**Work item**
Could you set down the records below exactly as they are, with no pictures?

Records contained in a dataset
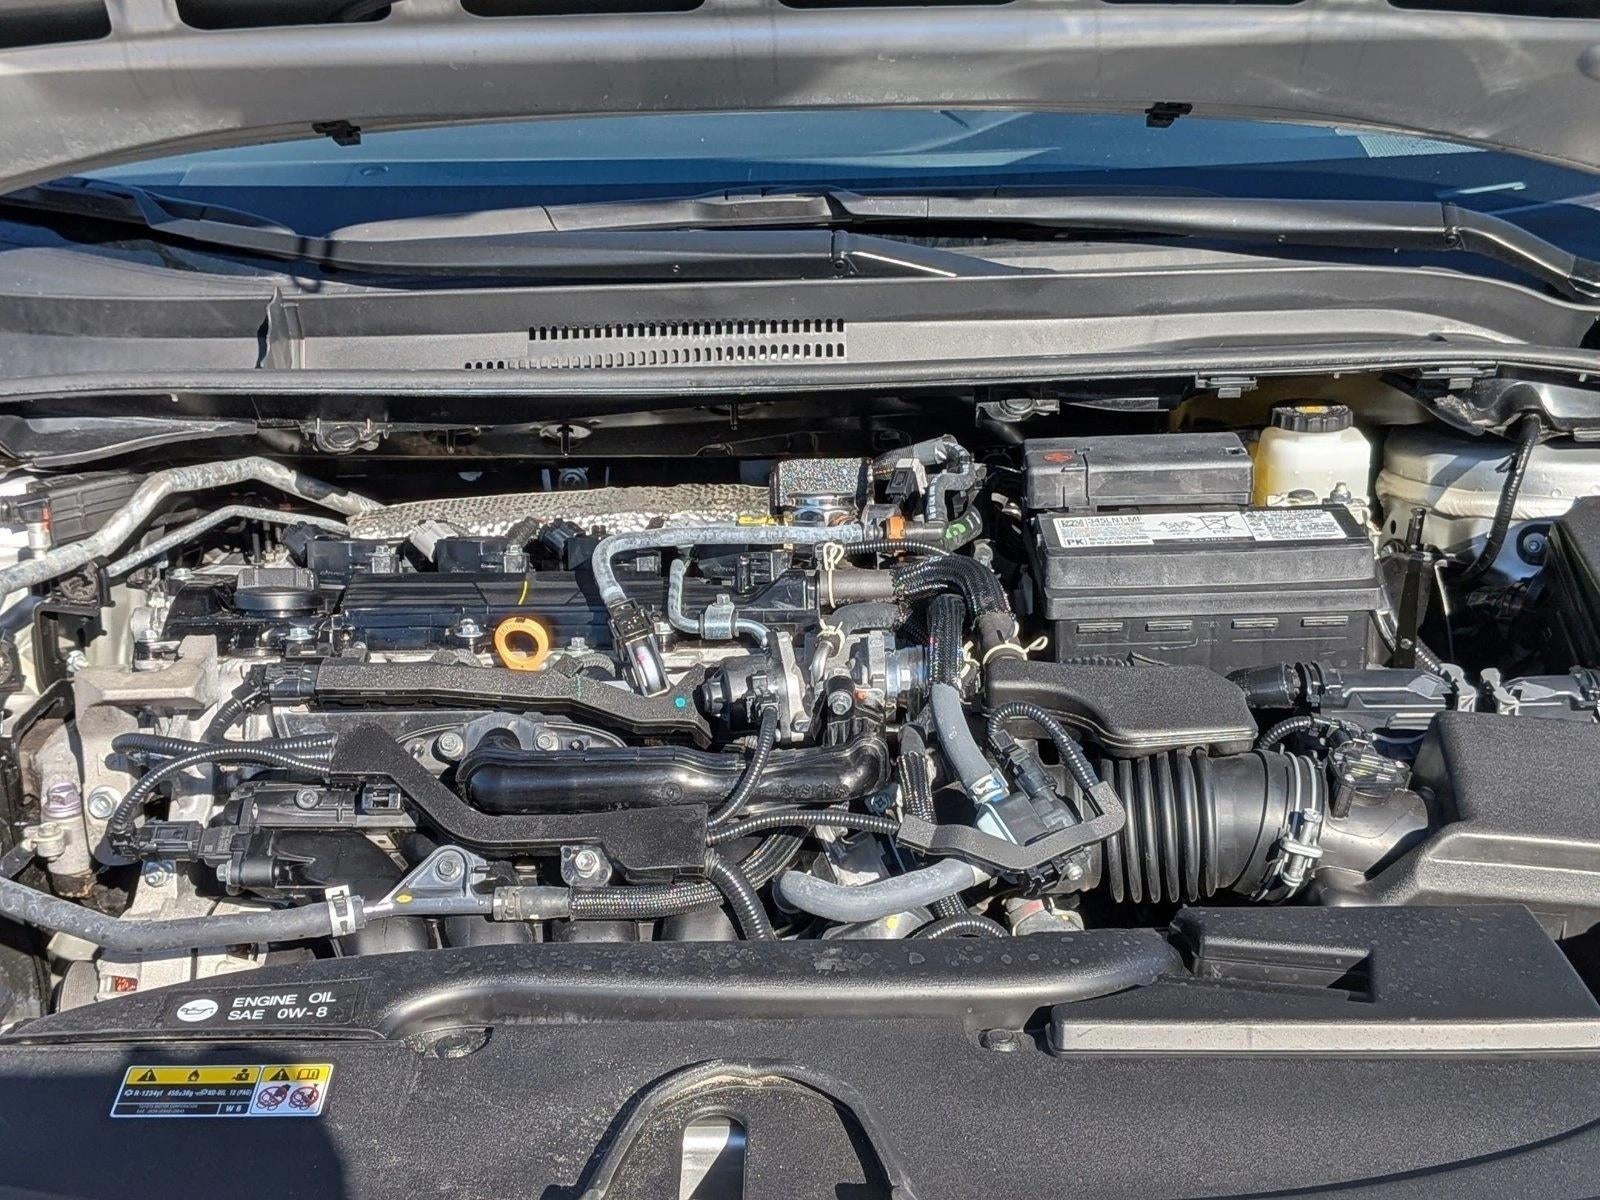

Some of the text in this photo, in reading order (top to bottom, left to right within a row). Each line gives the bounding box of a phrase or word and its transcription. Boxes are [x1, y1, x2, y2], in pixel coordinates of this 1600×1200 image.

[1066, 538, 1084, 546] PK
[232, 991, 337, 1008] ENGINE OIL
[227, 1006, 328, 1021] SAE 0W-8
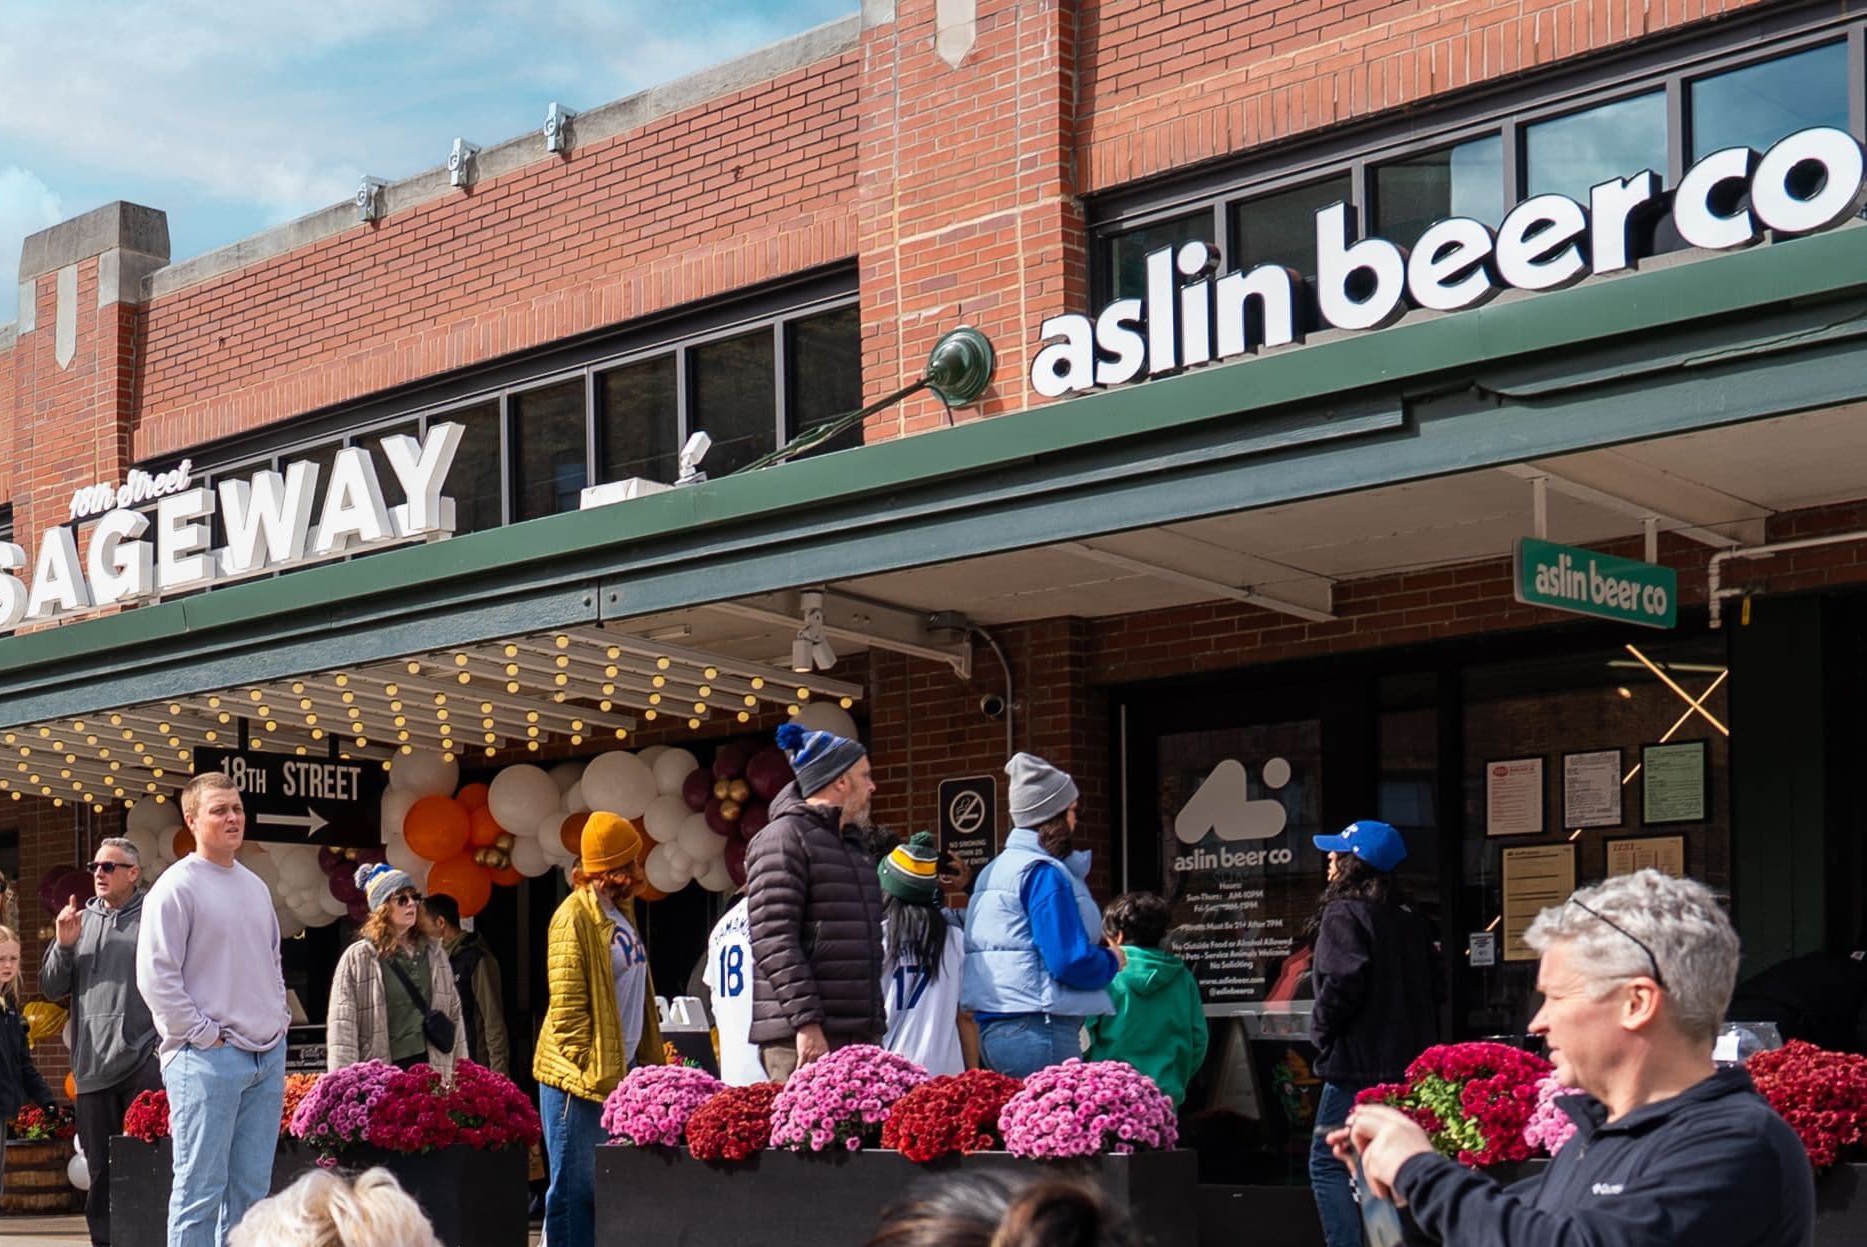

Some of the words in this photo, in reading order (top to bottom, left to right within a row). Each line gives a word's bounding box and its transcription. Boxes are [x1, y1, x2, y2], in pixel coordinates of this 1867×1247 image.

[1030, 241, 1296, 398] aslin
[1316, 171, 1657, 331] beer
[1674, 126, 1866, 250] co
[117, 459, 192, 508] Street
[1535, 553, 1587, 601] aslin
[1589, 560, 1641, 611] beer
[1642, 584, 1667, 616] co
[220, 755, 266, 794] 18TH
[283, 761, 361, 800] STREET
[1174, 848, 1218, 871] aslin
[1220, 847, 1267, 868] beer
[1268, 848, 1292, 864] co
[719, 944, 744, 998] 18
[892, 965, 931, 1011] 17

**Solution for this exercise**
Some of the text in this photo, in reading order (top to bottom, left to right within a row). Each line gives the bounding box of a phrase or word and its transcription. Boxes are [x1, y1, x2, y2], in pixel coordinates of this 1600×1200 image.

[1066, 538, 1084, 546] PK
[232, 991, 337, 1008] ENGINE OIL
[227, 1006, 328, 1021] SAE 0W-8

Some of the words in this photo, in reading order (top to bottom, left to right within a row). Each line gives a word's bounding box and its transcription. Boxes are [x1, y1, x2, y2], in pixel coordinates of this 1867×1247 image.

[1030, 241, 1296, 398] aslin
[1316, 171, 1657, 331] beer
[1674, 126, 1866, 250] co
[117, 459, 192, 508] Street
[1535, 553, 1587, 601] aslin
[1589, 560, 1641, 611] beer
[1642, 584, 1667, 616] co
[220, 755, 266, 794] 18TH
[283, 761, 361, 800] STREET
[1174, 848, 1218, 871] aslin
[1220, 847, 1267, 868] beer
[1268, 848, 1292, 864] co
[719, 944, 744, 998] 18
[892, 965, 931, 1011] 17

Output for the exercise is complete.